What you should do:
Copy each line of the listing below exactly and drop the images.

====================

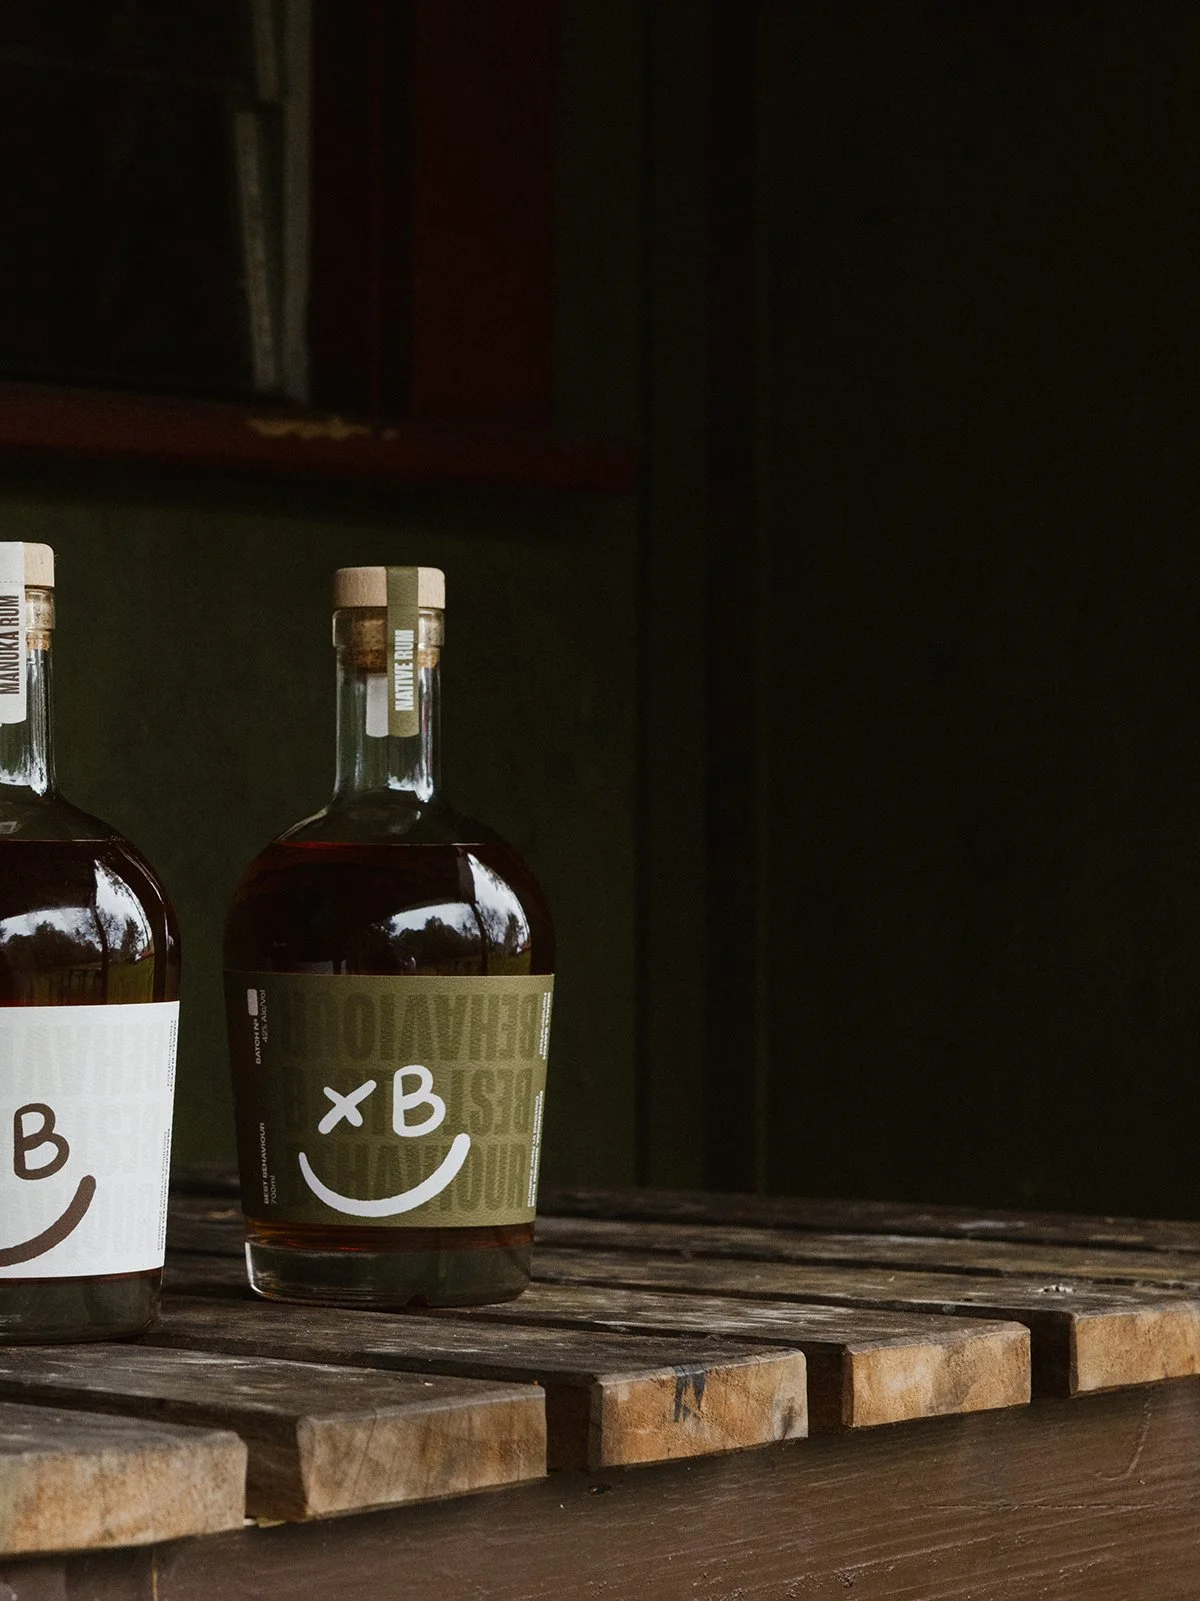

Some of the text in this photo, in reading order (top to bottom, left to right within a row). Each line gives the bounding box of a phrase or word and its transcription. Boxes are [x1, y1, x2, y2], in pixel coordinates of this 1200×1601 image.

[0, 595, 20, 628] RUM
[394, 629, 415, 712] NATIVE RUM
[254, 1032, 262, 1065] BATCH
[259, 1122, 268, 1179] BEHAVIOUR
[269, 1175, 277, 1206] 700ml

====================

Task output:
Some of the text in this photo, in reading order (top to bottom, left to right within a row). Each line gives the bounding box of a phrase or word and its transcription. Boxes are [x1, y1, x2, y2], in pixel coordinates of this 1200×1601 image.

[0, 595, 20, 628] RUM
[394, 629, 415, 712] NATIVE RUM
[254, 1032, 262, 1065] BATCH
[259, 1122, 268, 1179] BEHAVIOUR
[269, 1175, 277, 1206] 700ml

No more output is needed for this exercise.